- LISTED ENTRIES
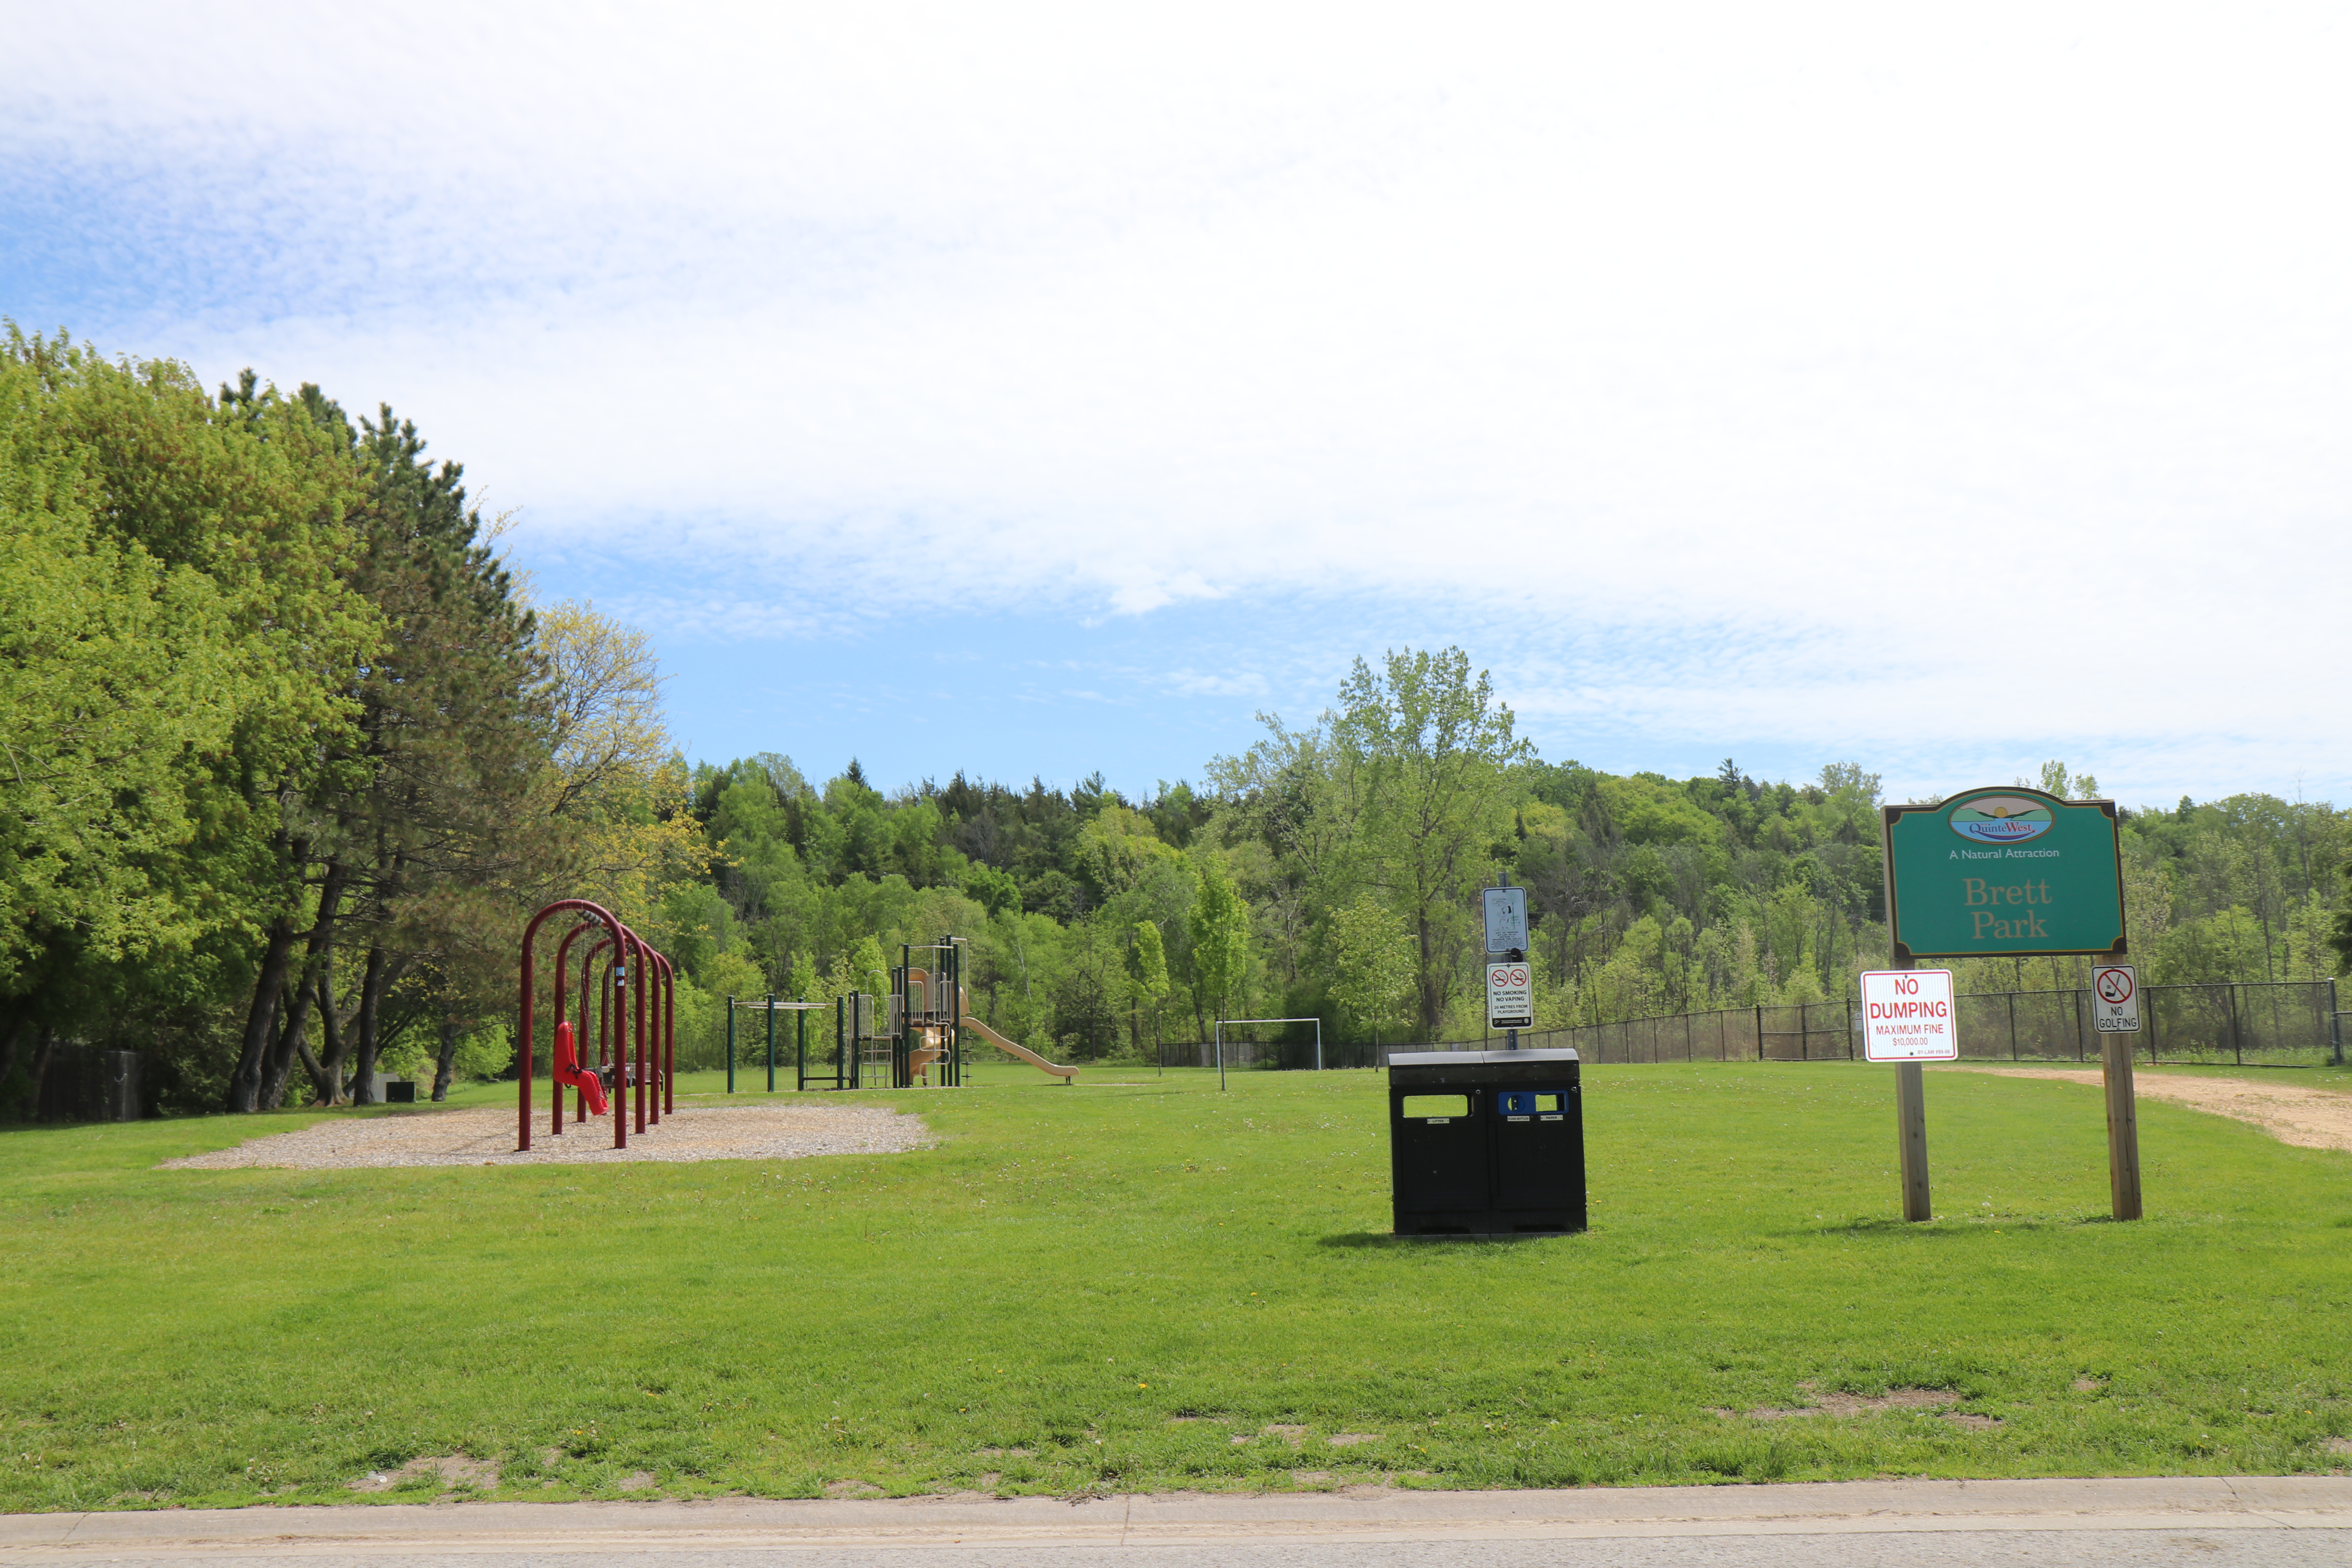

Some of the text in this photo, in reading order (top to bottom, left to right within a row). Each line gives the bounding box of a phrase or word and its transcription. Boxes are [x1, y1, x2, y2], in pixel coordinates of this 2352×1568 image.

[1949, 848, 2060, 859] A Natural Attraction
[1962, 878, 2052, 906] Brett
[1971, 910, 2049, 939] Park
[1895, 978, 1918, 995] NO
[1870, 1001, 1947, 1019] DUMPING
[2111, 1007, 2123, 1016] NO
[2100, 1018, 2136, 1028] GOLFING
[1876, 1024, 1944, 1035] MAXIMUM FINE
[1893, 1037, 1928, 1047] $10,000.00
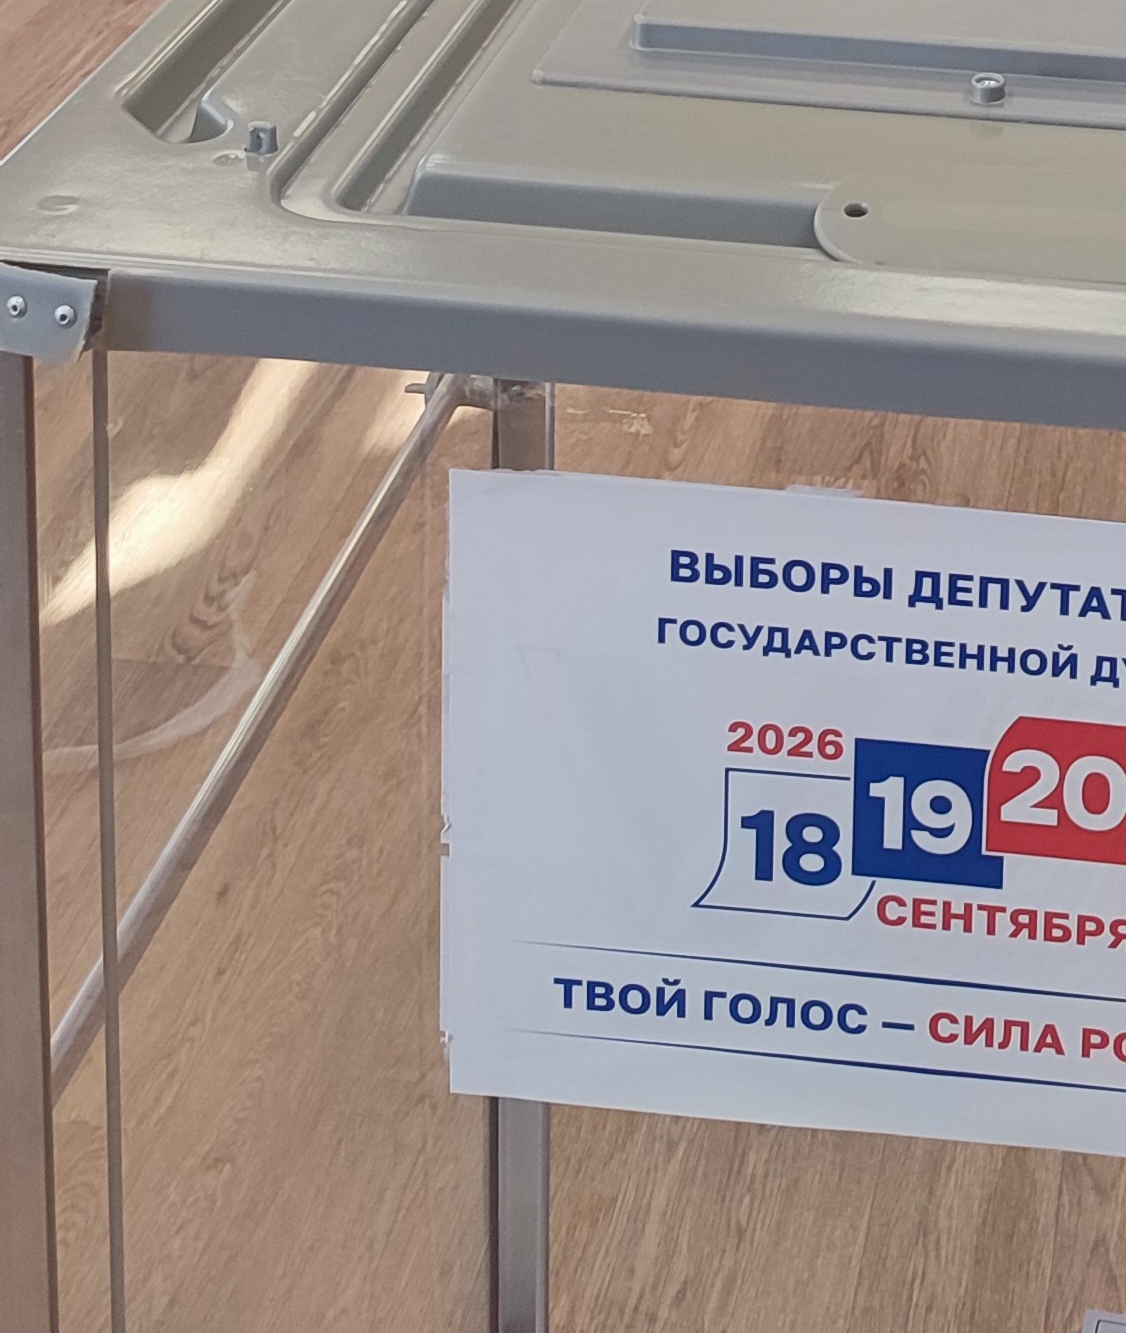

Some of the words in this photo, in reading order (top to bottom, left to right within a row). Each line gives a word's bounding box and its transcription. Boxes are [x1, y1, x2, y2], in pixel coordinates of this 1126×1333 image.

- TASK PROMPT
Your copy of the entries must be exact and must contain no pictures.

- WRITTEN ANSWER
Some of the text in this photo, in reading order (top to bottom, left to right within a row). Each line gives the bounding box of a phrase or word and its transcription. Boxes are [x1, y1, x2, y2], in pixel coordinates of this 2352×1568 image.

[1949, 848, 2060, 859] A Natural Attraction
[1962, 878, 2052, 906] Brett
[1971, 910, 2049, 939] Park
[1895, 978, 1918, 995] NO
[1870, 1001, 1947, 1019] DUMPING
[2111, 1007, 2123, 1016] NO
[2100, 1018, 2136, 1028] GOLFING
[1876, 1024, 1944, 1035] MAXIMUM FINE
[1893, 1037, 1928, 1047] $10,000.00

Some of the words in this photo, in reading order (top to bottom, left to right within a row). Each line gives a word's bounding box and its transcription. Boxes are [x1, y1, x2, y2], in pixel coordinates of this 1126×1333 image.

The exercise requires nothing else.